“I’m really sorry guys, I can’t make it” reads
the email from Ant, bass player and part of the vocal quintet who make up Helen
and The Neighbourhood Dogs - shortly to make our second appearance, at Ipswich
Music Day, the largest free festival in the UK with an estimated forty thousand
folks’ footfall expected over the course of the day. The rain is teeming down
and social media reflects gloomily on the prospects for the afternoon. La
Mulley, Mr Wendell, Turny Winn and I have gathered at Kirk Towers to have a
quick run through the set in advance of our performance but complications and
prevarication mean that we’re essentially just biding time until one of us can
make a decision about what to do next. Helen takes another look out of the
window and goes to put a jumper on. “I won’t feel the benefit otherwise” she
explains. Wendell and I confer on appropriate headgear. “Not that one” he says.
“Too Maverick”.
By the time we’ve loaded up into Tony’s people
carrier for the short journey into town the sun has emerged from behind the
clouds and Helen has taken off her scarf. The Grapevine Stage is a tented
arena in front of the historic Christchurch Mansion and having based our hopes
of a good attendance for our sophomore set on the weather reports which
predicted showers at around four o’clock we are instead greeted by a stream of
people escaping the stifling heat and humidity within, lured by the big stages
and the open blue skies across the rest of the park. We announce our arrival to
the appropriate authorities, unpack, and fall upon the free water backstage.

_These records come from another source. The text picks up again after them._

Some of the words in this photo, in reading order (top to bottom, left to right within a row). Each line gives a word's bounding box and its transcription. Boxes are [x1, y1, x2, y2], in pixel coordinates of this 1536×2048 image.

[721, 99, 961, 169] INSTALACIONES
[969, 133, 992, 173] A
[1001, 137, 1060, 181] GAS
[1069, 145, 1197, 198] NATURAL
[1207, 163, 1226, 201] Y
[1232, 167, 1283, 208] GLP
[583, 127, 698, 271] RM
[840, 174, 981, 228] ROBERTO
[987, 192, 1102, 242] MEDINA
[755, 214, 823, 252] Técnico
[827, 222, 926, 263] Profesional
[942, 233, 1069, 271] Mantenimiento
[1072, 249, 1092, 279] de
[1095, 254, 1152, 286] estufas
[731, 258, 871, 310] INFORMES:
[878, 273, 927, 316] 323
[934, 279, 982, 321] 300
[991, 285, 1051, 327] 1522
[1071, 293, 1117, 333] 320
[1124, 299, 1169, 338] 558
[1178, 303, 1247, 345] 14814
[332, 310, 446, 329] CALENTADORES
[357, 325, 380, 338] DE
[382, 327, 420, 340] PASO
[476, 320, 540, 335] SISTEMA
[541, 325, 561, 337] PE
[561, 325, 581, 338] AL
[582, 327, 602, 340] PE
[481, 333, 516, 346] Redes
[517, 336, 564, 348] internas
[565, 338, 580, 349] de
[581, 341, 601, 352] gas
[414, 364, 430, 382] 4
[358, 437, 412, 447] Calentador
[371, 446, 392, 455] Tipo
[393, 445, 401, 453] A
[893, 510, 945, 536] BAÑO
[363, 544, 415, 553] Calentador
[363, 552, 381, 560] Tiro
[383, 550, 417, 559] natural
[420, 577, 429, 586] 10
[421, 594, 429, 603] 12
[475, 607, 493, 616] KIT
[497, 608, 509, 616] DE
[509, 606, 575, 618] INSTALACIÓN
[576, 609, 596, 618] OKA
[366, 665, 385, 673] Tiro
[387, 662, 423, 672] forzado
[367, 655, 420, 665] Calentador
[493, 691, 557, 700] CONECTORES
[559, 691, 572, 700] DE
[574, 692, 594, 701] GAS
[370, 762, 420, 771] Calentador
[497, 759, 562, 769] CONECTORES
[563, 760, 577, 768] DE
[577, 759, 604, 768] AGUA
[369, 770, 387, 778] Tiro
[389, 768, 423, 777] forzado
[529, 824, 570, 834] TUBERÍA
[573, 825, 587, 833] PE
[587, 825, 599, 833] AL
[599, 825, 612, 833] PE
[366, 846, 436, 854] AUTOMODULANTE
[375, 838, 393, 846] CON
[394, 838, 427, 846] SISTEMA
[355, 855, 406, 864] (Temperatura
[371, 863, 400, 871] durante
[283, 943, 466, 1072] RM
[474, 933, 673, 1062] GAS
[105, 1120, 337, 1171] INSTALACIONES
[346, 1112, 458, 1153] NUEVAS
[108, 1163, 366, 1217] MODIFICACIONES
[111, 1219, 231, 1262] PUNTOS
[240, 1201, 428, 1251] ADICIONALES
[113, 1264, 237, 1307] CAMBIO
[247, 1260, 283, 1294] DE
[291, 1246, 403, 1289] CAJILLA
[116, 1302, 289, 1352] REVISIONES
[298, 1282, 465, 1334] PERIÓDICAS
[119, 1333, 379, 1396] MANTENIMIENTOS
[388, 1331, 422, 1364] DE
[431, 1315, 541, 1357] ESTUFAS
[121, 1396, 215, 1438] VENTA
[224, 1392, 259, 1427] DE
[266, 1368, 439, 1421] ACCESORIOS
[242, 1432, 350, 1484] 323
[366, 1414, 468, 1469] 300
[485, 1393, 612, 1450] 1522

A quick line check and we’re good to go. The
prospect of there being a bass player in the audience who knows our set and has
rehearsed the appropriate harmonies seems remote but we enquire anyway. In the
absence of volunteers we embark on our first song. Everyone comes in at the
right, same time, and Helen is in fine, strong voice. Wendell steps up to
contribute to the chorus and then veers away from the microphone. He looks over
his shoulder, concerned. “I can’t pitch!” he hisses. As we will confirm later
in conversation with Ray out of The Black Feathers, rehearsing acoustically in
a nice, warm, woody environment is a whole different ball game to that of
approaching a microphone which will amplify and project your sounds before
feeding back the results through wires and boxes on the stage (if you’re
lucky). Wendell and I are a long way from the Picturehouse days when we used to
rock up at a pub, plug everything in, grab a drink from the bar and then
nonchalantly kick into The Bends with
nary a second thought.
We manage to recover the measure of singing
into microphones before too long though, and by the time we are half way
through the set everyone is palpably more relaxed about proceedings and we are
actually starting to enjoy ourselves. Judging by the reception the songs are
getting, so are the audience and one feeds continually off the other until at
set’s close we are buzzing. Snappers have taken the opportunity throughout the
set to capture various moments (mainly involving our photogenic frontwoman, to
be honest) for posterity and we are invited to pose in front of the sponsors’
backdrop for a souvenir of the day. “And maybe one without shades?” suggests
the photographer.
Over post-match cocktails back at the ranch later
that evening I receive a text from Helen It contains a picture of Ant's hospital wristband. “He really was ill” she writes.